C’est en ce sens que le Wall Street Journal a pu écrire dès le 12 janvier 2013 qu’avec cet accord « le patronat français avait remporté une victoire historique ».
Les propositions alternatives du PCF
Cet accord national et sa transposition dans la loi sont d’une extrême dangerosité pour les salariés, mais aussi pour les grands principes qui ont participé à la construction de l’ordre public social. Il incarne la phrase prononcée en 2005 par L. Parisot fraîchement élue présidente du Medef : « La liberté de penser s’arrête là où commence le code du travail ».

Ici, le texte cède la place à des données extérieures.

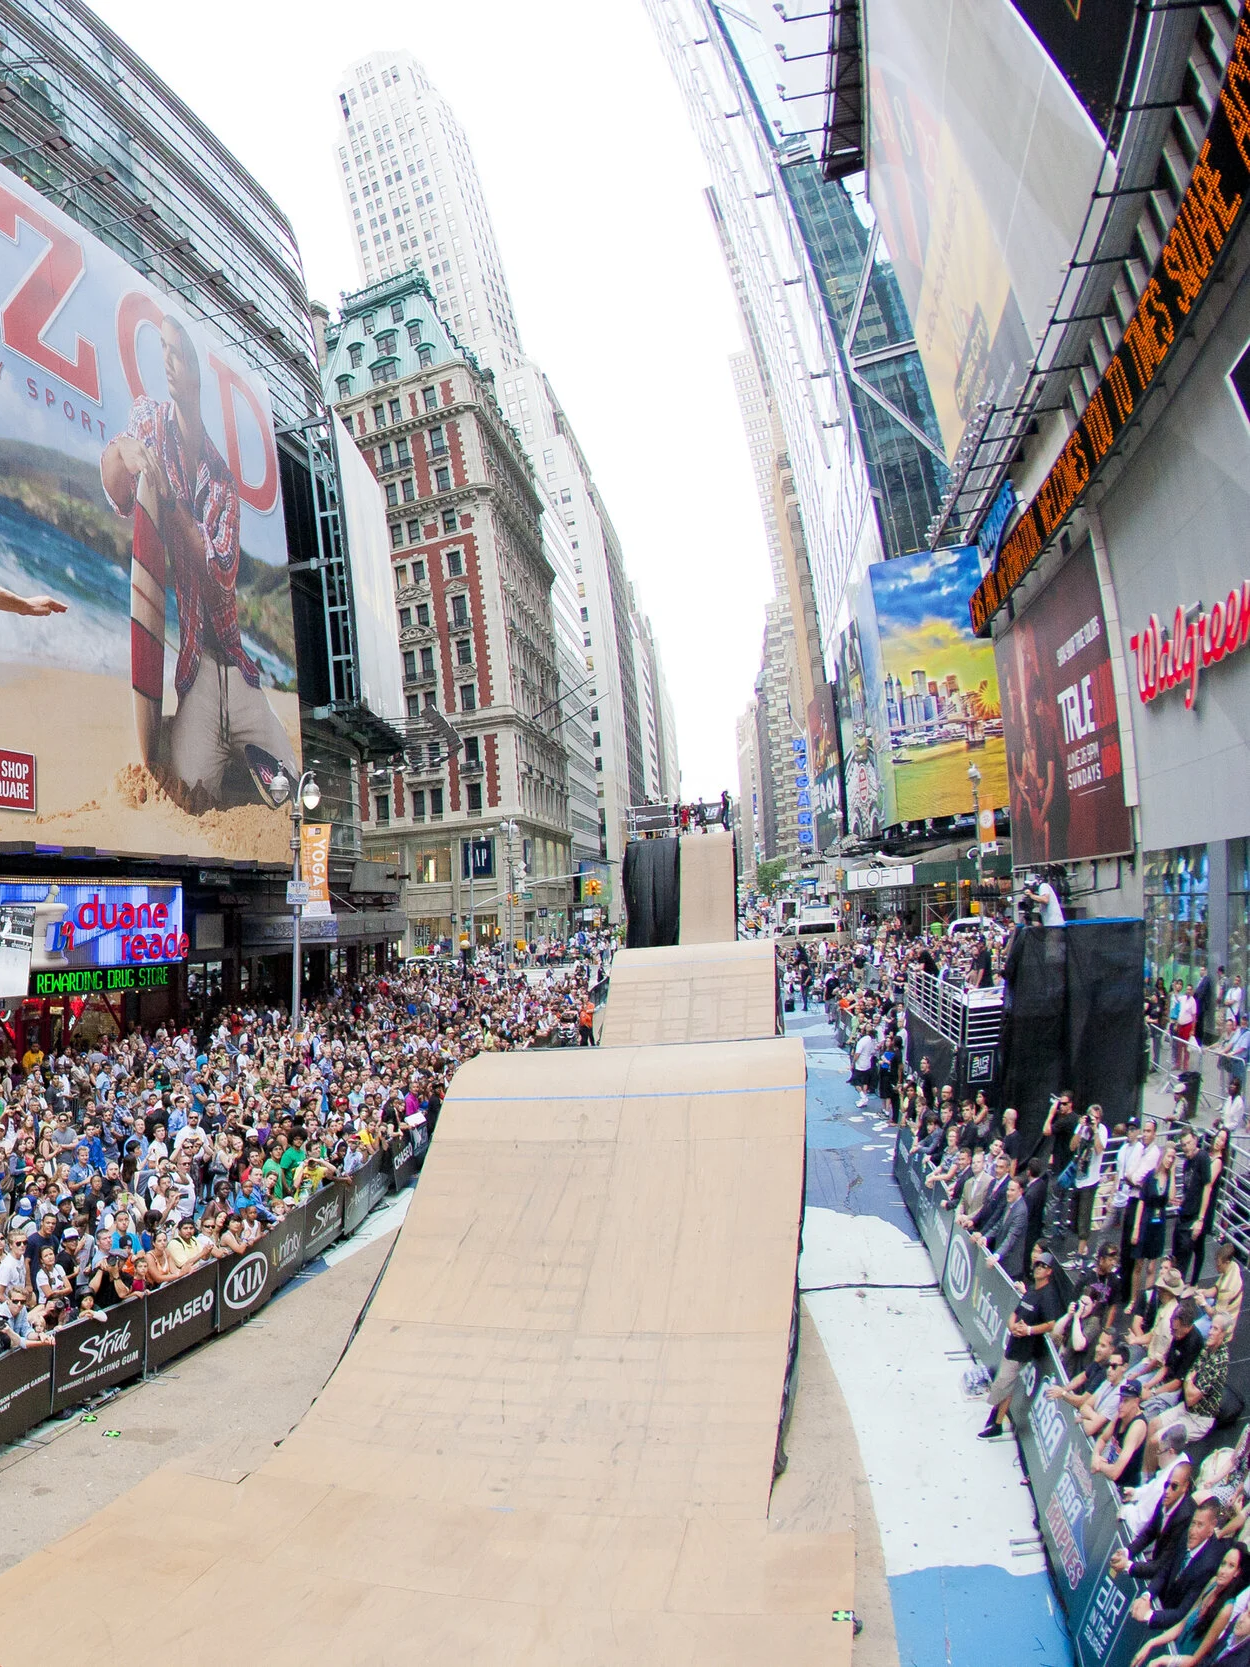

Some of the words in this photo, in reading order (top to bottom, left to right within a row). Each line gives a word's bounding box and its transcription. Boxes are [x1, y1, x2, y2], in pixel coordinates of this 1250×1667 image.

[25, 376, 109, 442] SPORT
[1035, 430, 1091, 537] WELCOMES
[1083, 387, 1114, 465] YOU
[1105, 355, 1135, 425] TO
[1123, 277, 1176, 391] TIMES
[1057, 673, 1096, 745] TRUE
[1, 760, 30, 780] SHOP
[1067, 762, 1102, 791] SUNDAYS
[792, 738, 813, 844] NYGARD
[312, 838, 327, 887] YOGA
[856, 867, 904, 888] LOFT
[78, 893, 169, 931] duane
[414, 925, 431, 936] THE
[121, 924, 191, 962] reade
[36, 970, 103, 995] REWARDING
[107, 968, 135, 990] DRUG
[139, 966, 169, 986] STORE
[233, 1261, 263, 1301] KIA
[950, 1246, 967, 1292] KIA
[69, 1320, 132, 1376] Stride
[84, 1372, 97, 1383] LONG
[97, 1361, 120, 1379] LASTING
[121, 1350, 139, 1366] GUM
[10, 1381, 31, 1400] SQUARE
[30, 1371, 50, 1388] GARDEN
[1046, 1494, 1086, 1591] TRIPLES

Car, avec l’aspect juridique, c’est aussi sa philosophie qui soulève de nombreuses difficultés. Non seulement ces textes ne créeront pas d’emplois en plus ni de chômeurs en moins, mais s’ils entraient en vigueur en l’état, ils encourageraient les licenciements, tant ils affaiblissent la portée du licenciement économique et encouragent le contournement de sa procédure.

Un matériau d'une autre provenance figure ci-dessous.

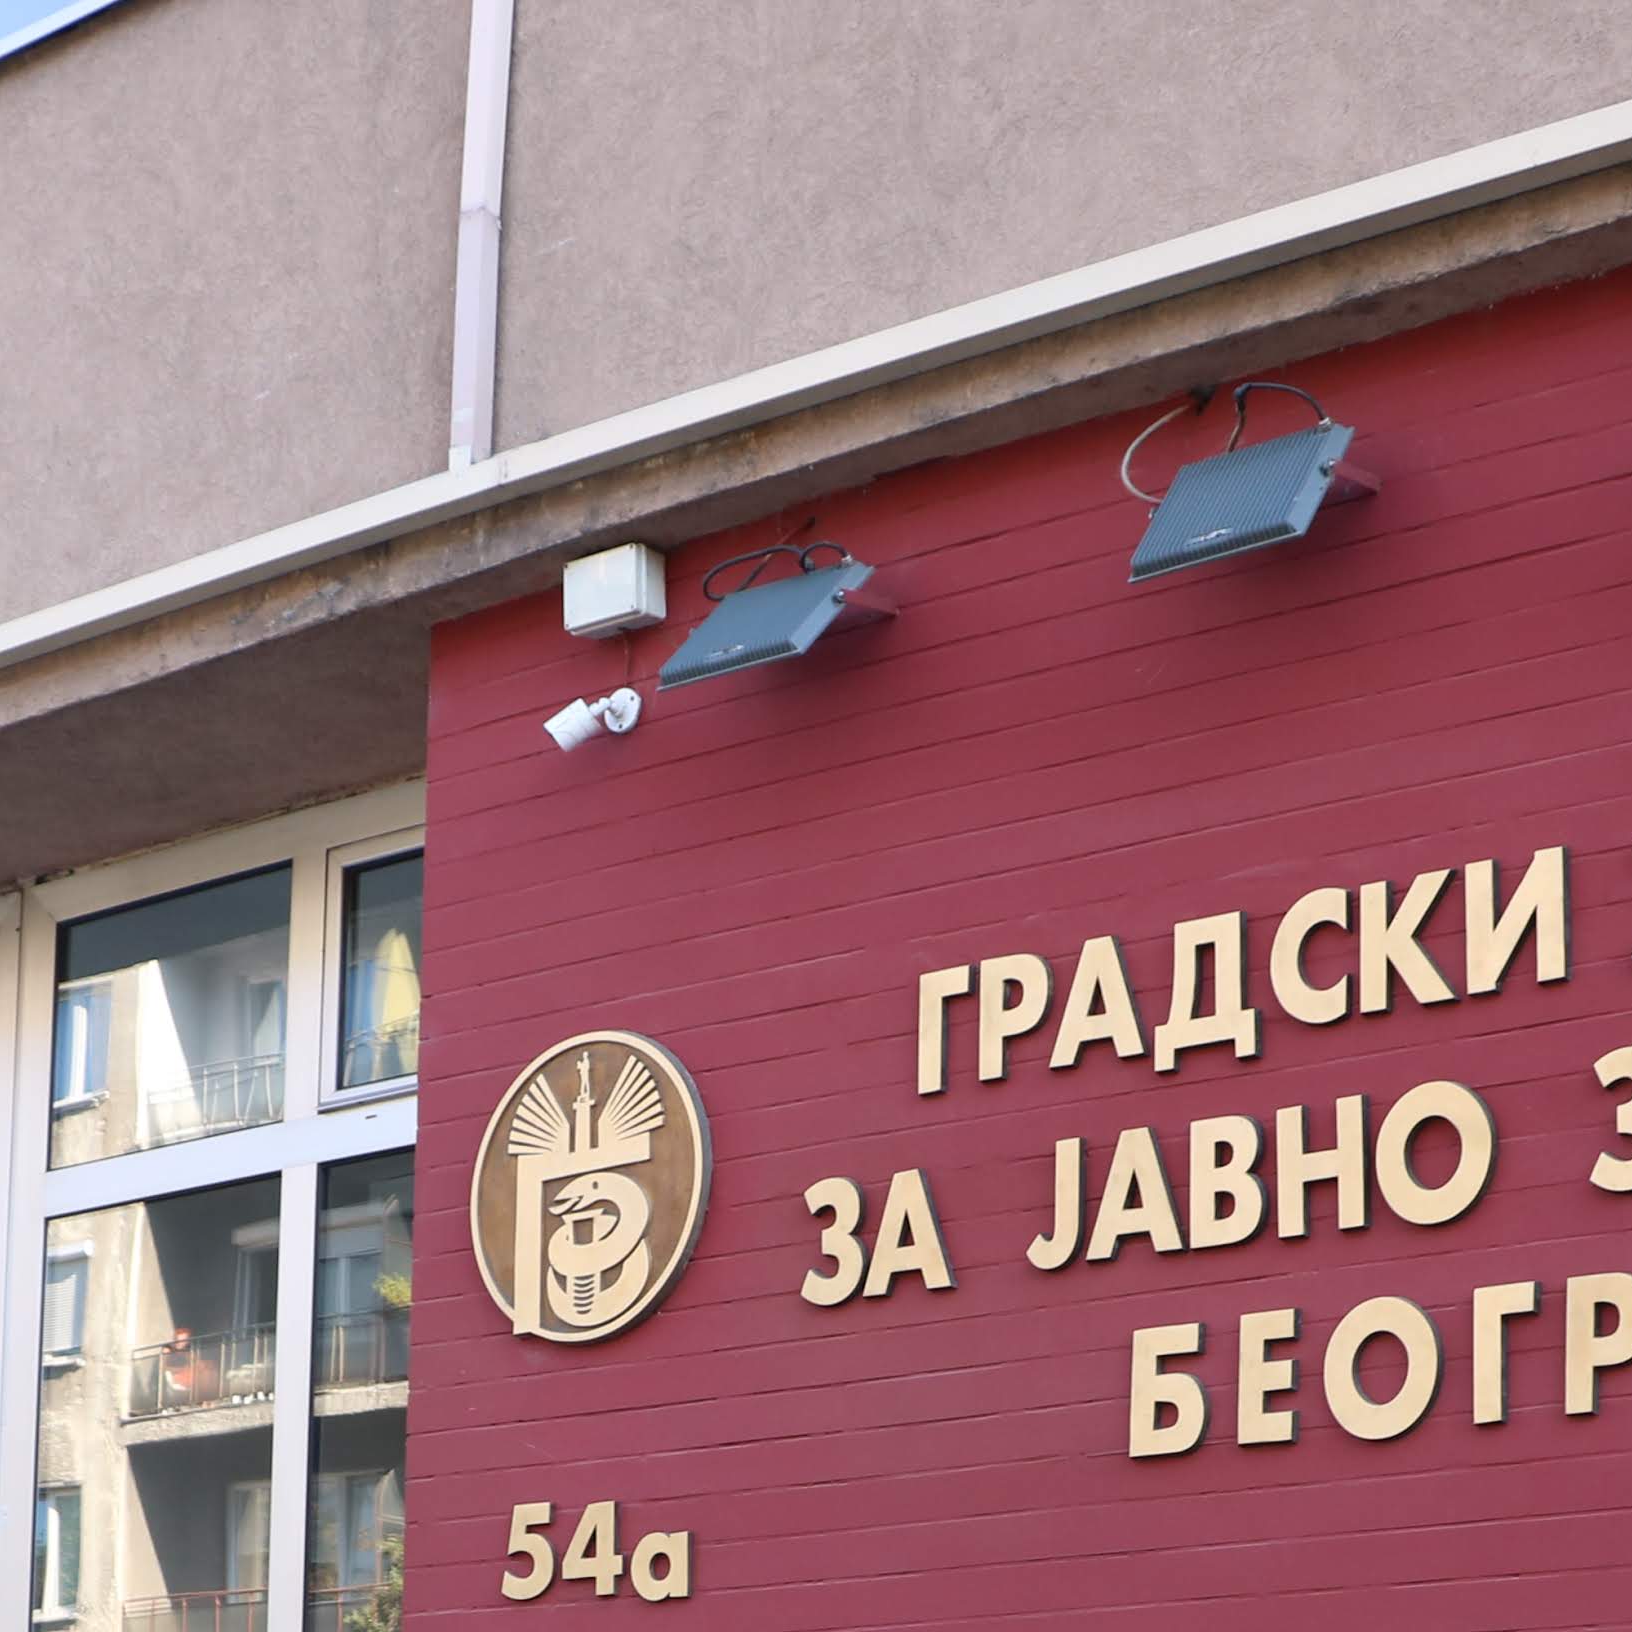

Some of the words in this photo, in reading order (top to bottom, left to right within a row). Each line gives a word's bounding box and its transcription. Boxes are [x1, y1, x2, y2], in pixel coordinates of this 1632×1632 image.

[918, 847, 1567, 1095] ГРАДСКИ
[801, 1169, 954, 1306] ЗА
[1026, 1081, 1494, 1270] ЈАВНО

Il convient d’opposer à cette régression sociale une alternative qui :
– confirme la hiérarchie des normes actuelles où la loi prédomine sur les accords collectifs ;
– renforce le pouvoir du juge sur les contentieux du travail ;
– accroît le pouvoir des salariés sur les choix de gestion des employeurs.
Pour cela, il faut donc :
1. renforcer la définition du licenciement pour motif économique et le pouvoir de contre-proposition des salariés sur les stratégies des entreprises.

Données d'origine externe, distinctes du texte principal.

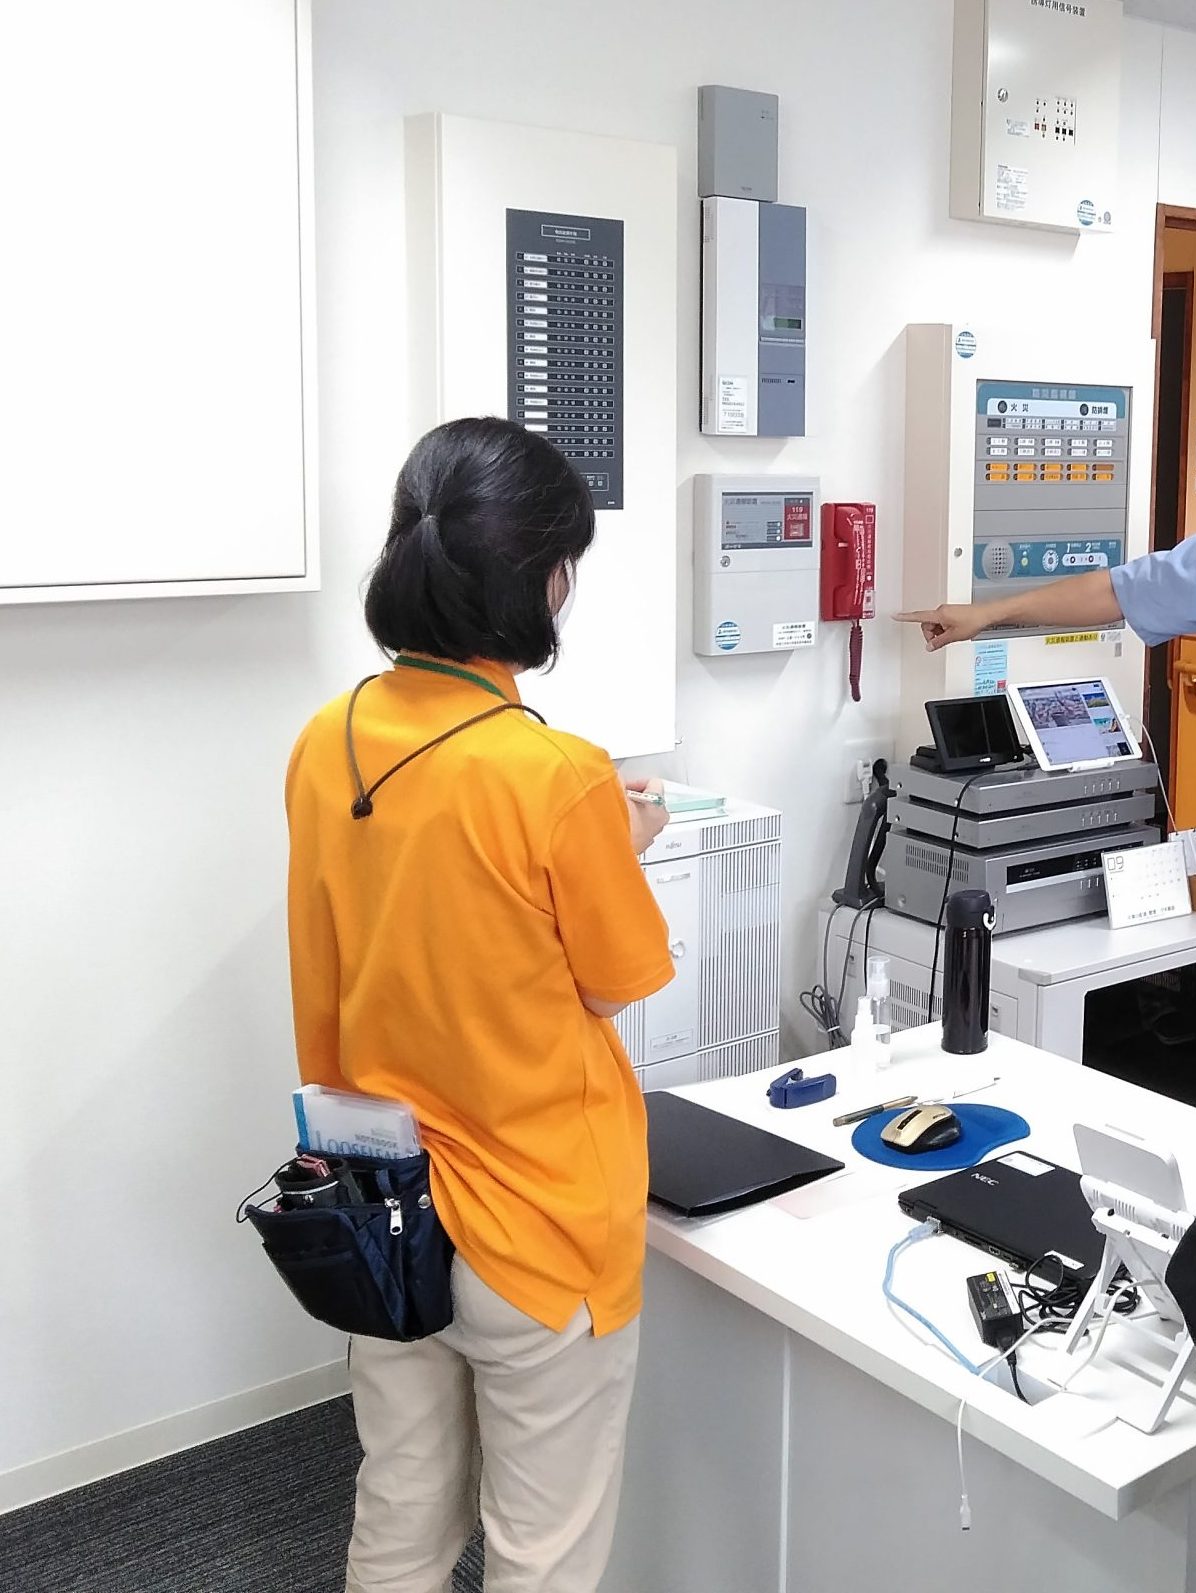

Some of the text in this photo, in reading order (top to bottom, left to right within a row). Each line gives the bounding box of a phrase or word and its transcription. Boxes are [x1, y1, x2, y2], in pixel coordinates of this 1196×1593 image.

[1085, 542, 1092, 553] 2
[1107, 855, 1124, 871] 09
[970, 1172, 1000, 1186] NEC

Nous proposons pour cela une définition qui cible 4 motifs de licenciement économique : difficultés économiques insurmontables par tout autre moyen que les suppressions d’emploi, mutations économiques, cessation d’activité, réorganisation.
Il s’agirait de consolider les pouvoirs de contre-proposition des salariés par l’obligation d’examen des contre-propositions salariales par l’employeur et de motivation d’un éventuel rejet. L’objectif est de minimiser le coût en emploi de la procédure collective et d’ouvrir sur d’autres variables d’ajustement que l’emploi (coût du capital) et de forcer l’employeur à effectuer des recherches efficaces en matière de reclassement des salariés licenciés.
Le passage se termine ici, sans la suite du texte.